■ PROBLEM TO SOLVE: When you copy the data that follows, reproduce every word exactly and leave out the images.

* * * * * * *

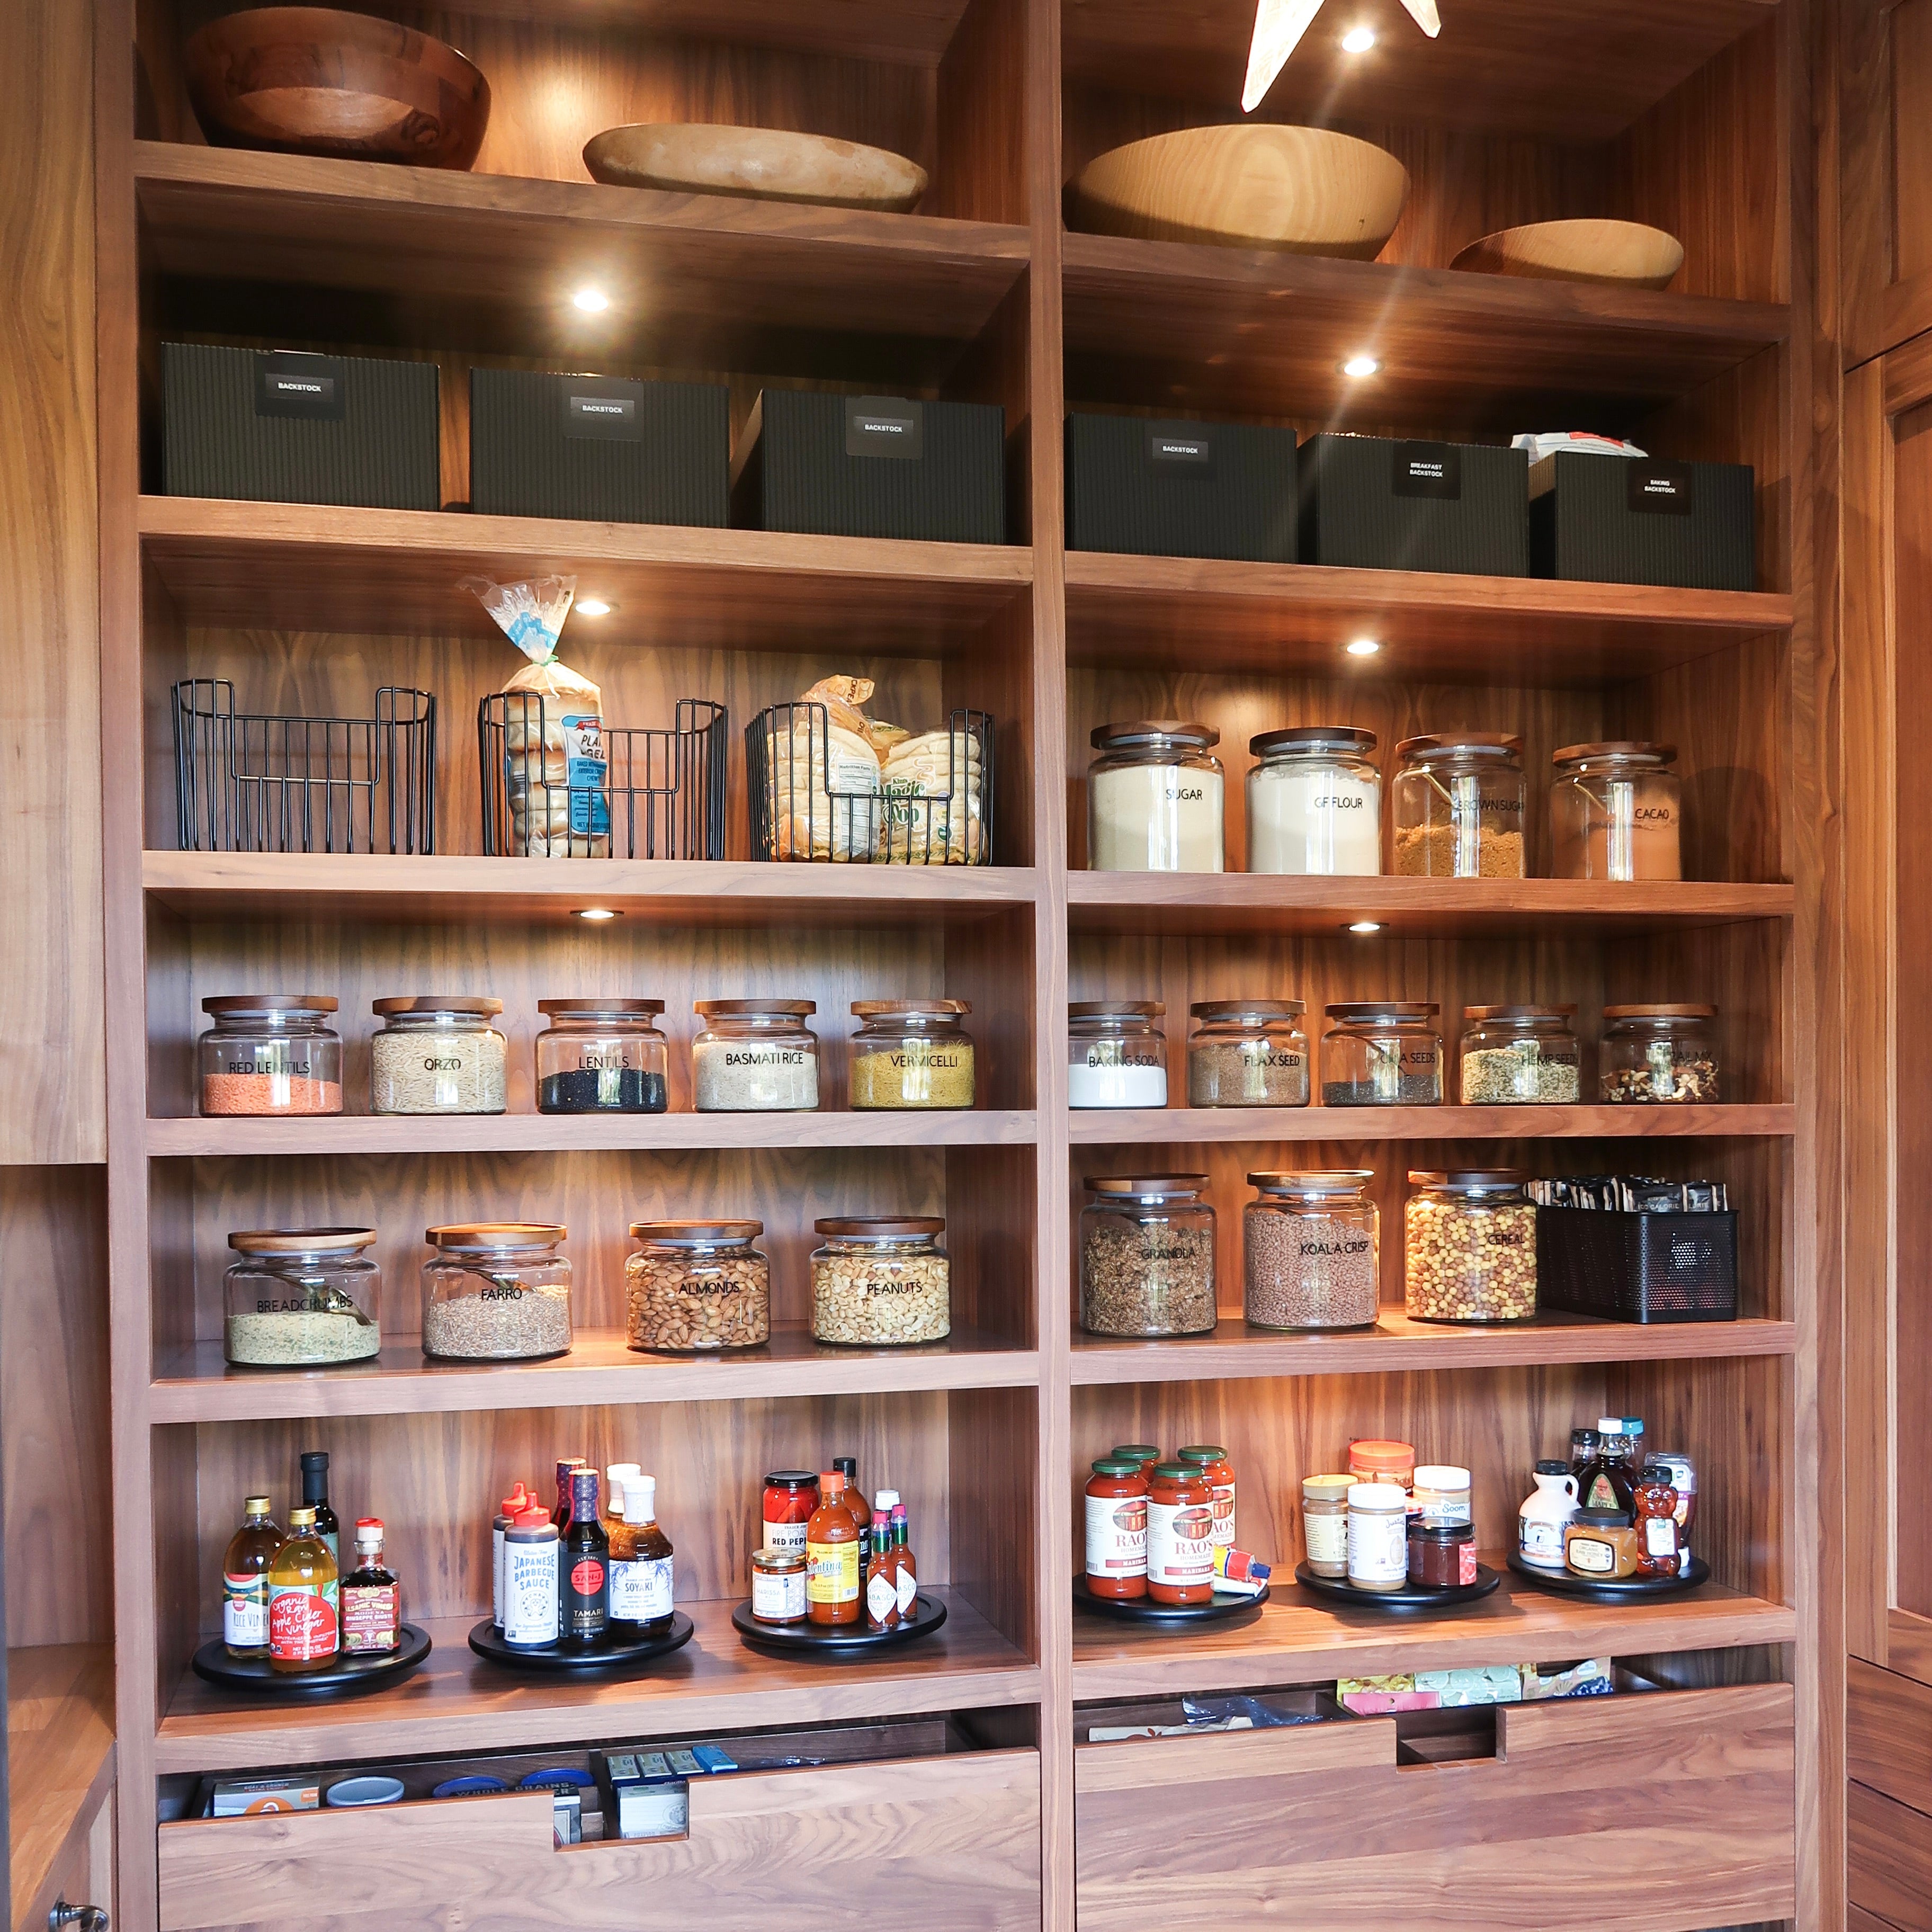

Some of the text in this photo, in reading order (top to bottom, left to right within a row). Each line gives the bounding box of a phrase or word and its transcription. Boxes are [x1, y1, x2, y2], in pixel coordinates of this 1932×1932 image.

[278, 382, 322, 392] BACKSTOCK
[582, 405, 623, 414] BACKSTOCK
[864, 424, 902, 433] BACKSTOCK
[1162, 445, 1198, 454] BACKSTOCK
[1409, 469, 1443, 478] BACKSTOCK
[580, 748, 605, 759] GEL
[1165, 789, 1203, 800] SUGAR
[1314, 797, 1364, 809] GF FLOUR
[1635, 808, 1669, 820] CACAO
[578, 1056, 630, 1069] LENTILS
[726, 1052, 804, 1066] BASMATI RICE
[890, 1055, 958, 1068] VERMICELLI
[1089, 1056, 1159, 1068] BAKING SODA
[1244, 1054, 1300, 1067] FLAX SEED
[1410, 1052, 1435, 1064] SEEDS
[1521, 1053, 1554, 1066] HEMP
[229, 1061, 254, 1075] RED
[424, 1058, 462, 1071] ORZO
[1488, 1233, 1525, 1246] CEREAL
[1141, 1246, 1196, 1260] GRANOLA
[1300, 1240, 1369, 1256] KOALA CRISP
[481, 1287, 523, 1301] FARRO
[678, 1281, 740, 1295] ALMONDS
[866, 1282, 923, 1295] PEANUTS
[257, 1295, 353, 1314] BREADCRUMBS
[1442, 1503, 1465, 1514] Soom
[1174, 1539, 1213, 1555] RAO'S
[514, 1553, 554, 1570] JAPANESE
[514, 1568, 554, 1582] BARBECUE
[1181, 1566, 1210, 1575] MARINARA
[575, 1573, 601, 1582] SAN-J
[520, 1579, 549, 1590] SAUCE
[625, 1581, 652, 1592] SOYAKI
[868, 1592, 896, 1602] ABASCO
[273, 1597, 308, 1614] Organic
[285, 1604, 309, 1615] Raw
[574, 1608, 603, 1617] TAMARI
[233, 1612, 246, 1628] RICE
[272, 1610, 323, 1633] Apple Cider
[456, 1787, 509, 1797] WHOLE
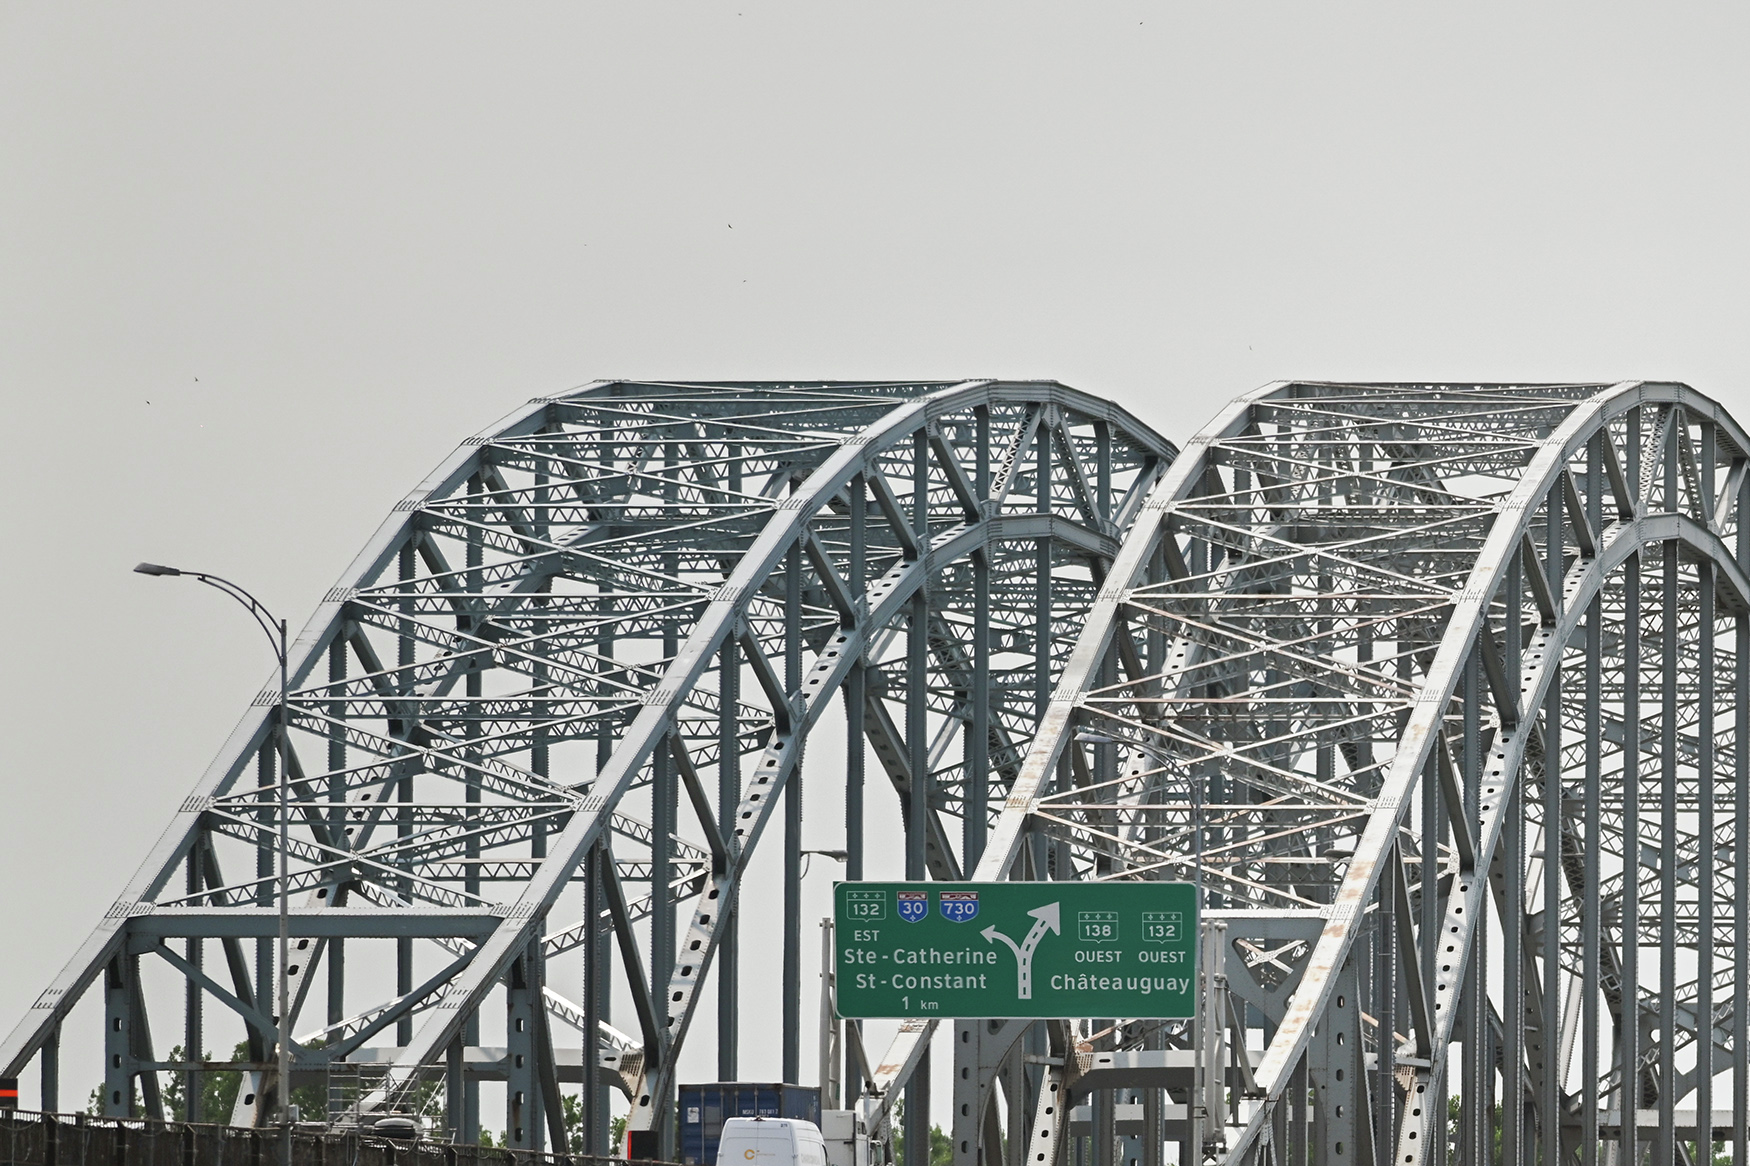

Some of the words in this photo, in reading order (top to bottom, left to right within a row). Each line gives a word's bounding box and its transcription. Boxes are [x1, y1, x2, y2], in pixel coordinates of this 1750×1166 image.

[853, 904, 879, 915] 132
[902, 902, 923, 914] 30
[944, 902, 975, 914] 730
[854, 930, 880, 941] EST
[1085, 925, 1111, 937] 138
[1149, 925, 1176, 937] 132
[1074, 951, 1122, 963] OUEST
[1138, 951, 1186, 963] OUEST
[1050, 974, 1190, 995] Châteauguay
[901, 996, 909, 1009] 1
[920, 1000, 939, 1010] km

* * * * * * *

■ RESPONSE TO THIS EXERCISE:
Some of the text in this photo, in reading order (top to bottom, left to right within a row). Each line gives the bounding box of a phrase or word and its transcription. Boxes are [x1, y1, x2, y2], in pixel coordinates of this 1932×1932 image.

[278, 382, 322, 392] BACKSTOCK
[582, 405, 623, 414] BACKSTOCK
[864, 424, 902, 433] BACKSTOCK
[1162, 445, 1198, 454] BACKSTOCK
[1409, 469, 1443, 478] BACKSTOCK
[580, 748, 605, 759] GEL
[1165, 789, 1203, 800] SUGAR
[1314, 797, 1364, 809] GF FLOUR
[1635, 808, 1669, 820] CACAO
[578, 1056, 630, 1069] LENTILS
[726, 1052, 804, 1066] BASMATI RICE
[890, 1055, 958, 1068] VERMICELLI
[1089, 1056, 1159, 1068] BAKING SODA
[1244, 1054, 1300, 1067] FLAX SEED
[1410, 1052, 1435, 1064] SEEDS
[1521, 1053, 1554, 1066] HEMP
[229, 1061, 254, 1075] RED
[424, 1058, 462, 1071] ORZO
[1488, 1233, 1525, 1246] CEREAL
[1141, 1246, 1196, 1260] GRANOLA
[1300, 1240, 1369, 1256] KOALA CRISP
[481, 1287, 523, 1301] FARRO
[678, 1281, 740, 1295] ALMONDS
[866, 1282, 923, 1295] PEANUTS
[257, 1295, 353, 1314] BREADCRUMBS
[1442, 1503, 1465, 1514] Soom
[1174, 1539, 1213, 1555] RAO'S
[514, 1553, 554, 1570] JAPANESE
[514, 1568, 554, 1582] BARBECUE
[1181, 1566, 1210, 1575] MARINARA
[575, 1573, 601, 1582] SAN-J
[520, 1579, 549, 1590] SAUCE
[625, 1581, 652, 1592] SOYAKI
[868, 1592, 896, 1602] ABASCO
[273, 1597, 308, 1614] Organic
[285, 1604, 309, 1615] Raw
[574, 1608, 603, 1617] TAMARI
[233, 1612, 246, 1628] RICE
[272, 1610, 323, 1633] Apple Cider
[456, 1787, 509, 1797] WHOLE

Some of the words in this photo, in reading order (top to bottom, left to right within a row). Each line gives a word's bounding box and its transcription. Boxes are [x1, y1, x2, y2], in pixel coordinates of this 1750×1166 image.

[853, 904, 879, 915] 132
[902, 902, 923, 914] 30
[944, 902, 975, 914] 730
[854, 930, 880, 941] EST
[1085, 925, 1111, 937] 138
[1149, 925, 1176, 937] 132
[1074, 951, 1122, 963] OUEST
[1138, 951, 1186, 963] OUEST
[1050, 974, 1190, 995] Châteauguay
[901, 996, 909, 1009] 1
[920, 1000, 939, 1010] km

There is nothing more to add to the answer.